When the market is the policy, housing fails

25 May 2020

Books | Three housing researchers plot the way out of Australia’s affordability crisis

Right:

“Financialisation” encourages homeowners to view their house as a bank from which they can withdraw funds, often in order to buy more property. Meriel Jane Waissman/iStockphoto

“Financialisation” encourages homeowners to view their house as a bank from which they can withdraw funds, often in order to buy more property. Meriel Jane Waissman/iStockphoto

Housing Policy in Australia: A Case for System Reform
B
y Hal Pawson, Vivienne Milligan and Judith Yates | Palgrave Macmillan | $130 | 368 pages


The Covid-19 pandemic is shining a harsh light on the failings of Australia’s housing system. Rough sleeping and severely overcrowded dwellings are no longer just a matter of individual welfare but also a significant public health problem. The long-run escalation of house prices in the eastern seaboard cities looks less like an accumulation of wealth and more like a mountain of debt.

If property values fall and then stay low, Australia’s economic downturn could be deepened by the lack of consumer confidence that comes with subdued house prices. Some borrowers, particularly those who bought recently using low-deposit loans, could find themselves owing more to the banks than their house is worth — and with Australian banks more heavily exposed to residential property than most of their OECD counterparts, the financial impact could be wide.
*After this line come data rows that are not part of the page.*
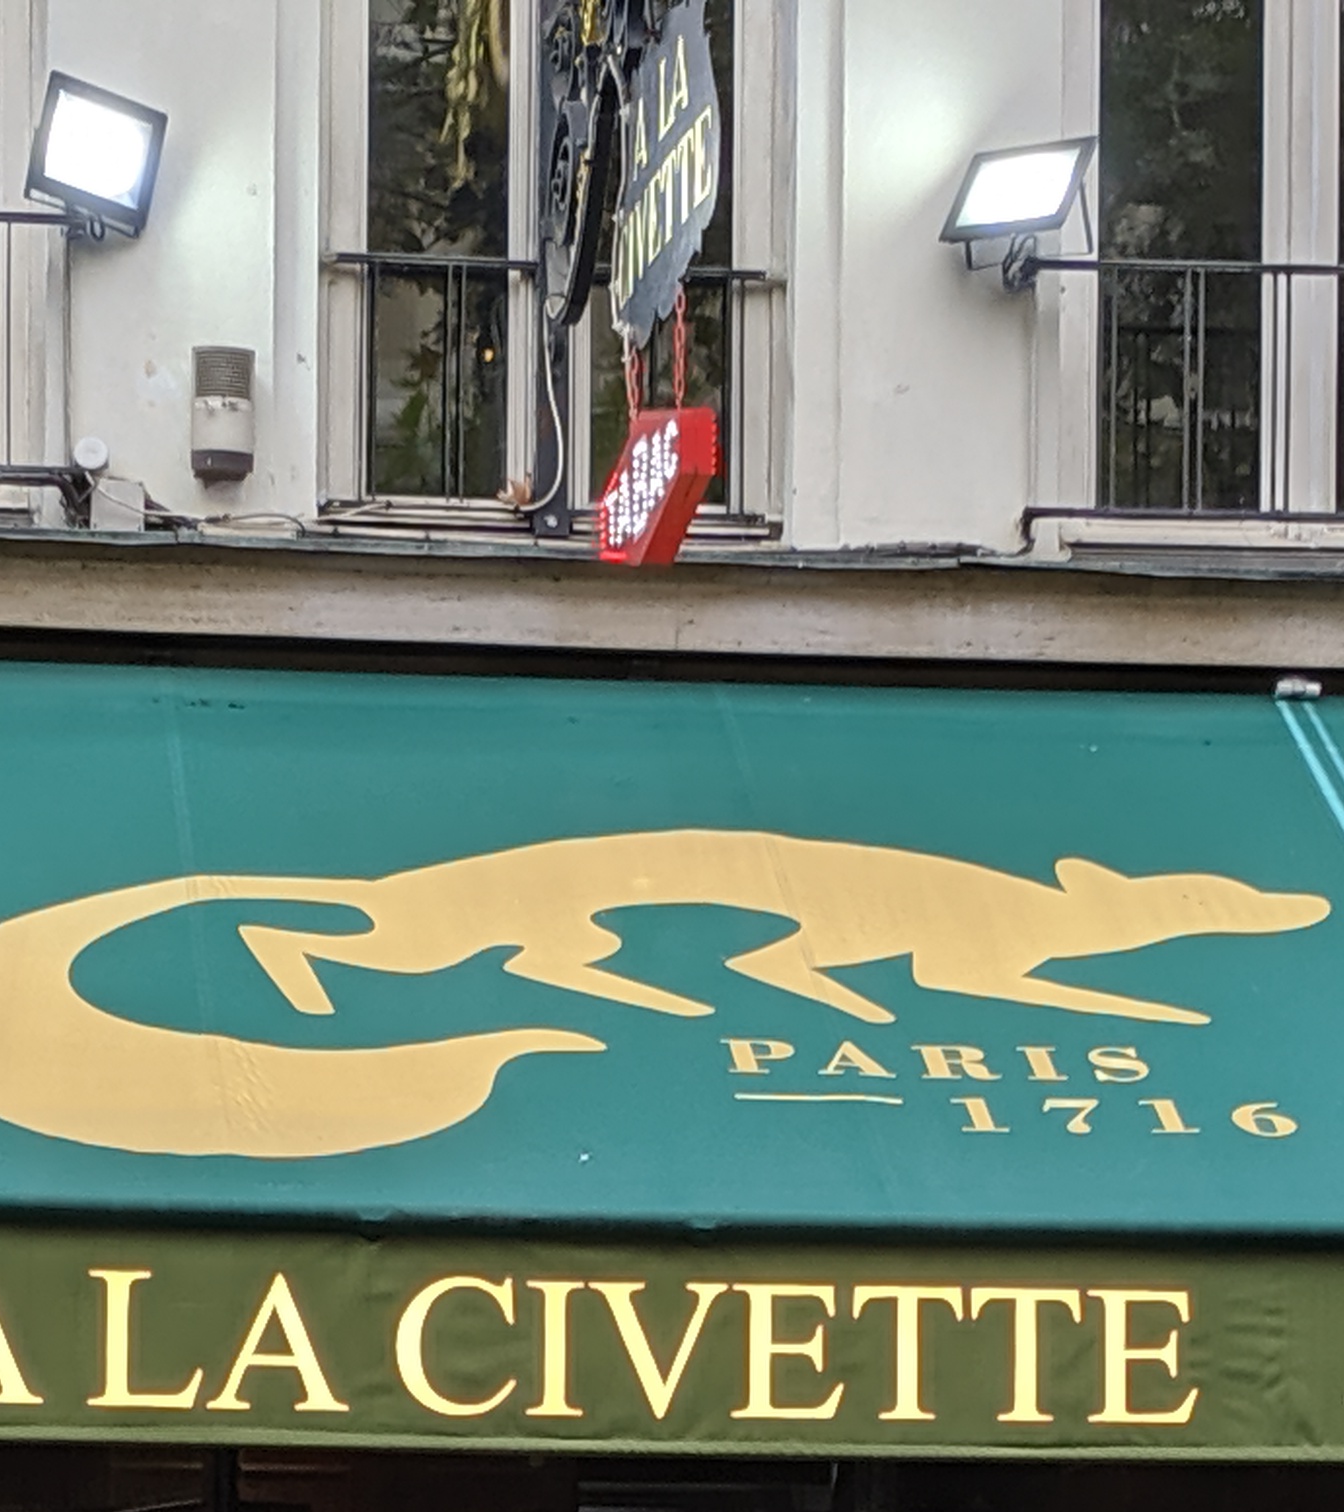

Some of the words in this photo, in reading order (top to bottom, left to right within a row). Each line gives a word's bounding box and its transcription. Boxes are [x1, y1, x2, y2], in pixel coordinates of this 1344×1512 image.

[632, 95, 648, 182] A
[657, 33, 690, 142] LA
[616, 104, 713, 310] CIVETTE
[719, 1037, 1151, 1083] PARIS
[950, 1097, 1299, 1138] 1716
[86, 1267, 349, 1412] LA
[393, 1275, 1199, 1425] CIVETTE
Master Builders Australia predicts that residential construction will fall by 27 per cent next financial year, which means 43,000 fewer homes will be built in an already slowing industry. Construction — Australia’s third-largest employer — sheds labour quickly in a downturn but picks up much more slowly because of the time taken getting planning approval, running marketing campaigns, booking up pre-sales and securing finance. The impact of a construction downturn also ripples through sectors like building supplies and real estate services.

Perhaps it’s no surprise that Master Builders Australia has joined with its traditional rival, the construction union CFMMEU, in calling for the federal government to stump up $10 billion for 30,000 new social housing dwellings. Community agencies agree: the Community Housing Industry Association has combined with National Shelter and Homelessness Australia to propose a Social Housing Acceleration and Renovation Program, or SHARP, to spend $7.7 billion to build 30,000 new homes and repair thousands more, and ACOSS wants something similar.

This might sound like special pleading by vested interests and the usual bleeding hearts, but these proposals are a far more practical and immediate response to Australia’s recession than grandiose plans like a fast train between Melbourne and Sydney.

How do we know that? At a cost of less than $6 billion over three years, Kevin Rudd’s post–global financial crisis social housing initiative created 14,000 jobs. Every dollar spent generated $1.30 in economic activity. Almost 20,000 new dwellings were built and another 12,000 — some uninhabitable, others likely to become so — were repaired. Along the way the initiative helped to build the capacity and asset base of Australia’s nascent not-for-profit community housing sector.

But Rudd’s initiative was a one-off response to a crisis, and once it was over much of the momentum was lost.

State-based social housing packages — like the one announced this month in Victoria — will help to counter the immediate downturn. But they won’t tackle structural problems in the housing industry, including the way that Australia’s near-total reliance on the private sector generates boom–bust cycles. Despite Rudd’s initiative, real estate prices rocketed in most capital cities after the GFC, boosting household debt, inequality, rental stress, housing insecurity and homelessness.

Any stimulus program needs to fit into a national housing strategy linking all three levels of government. It should build at least 15,000 new units of social housing every year for decades into the future — about five times what gets built now, but no more than the construction levels regularly achieved in the decades after the second world war.


With the need for a national strategy more urgent than ever, the timing of Housing Policy in Australia: A Case for System Reform couldn’t be better. Experienced researchers Hal Pawson, Vivienne Milligan and Judith Yates pull together years of work — not only their own but also that of colleagues working through the Australian Housing and Urban Research Institute — and draw on overseas experience to make a persuasive case for change.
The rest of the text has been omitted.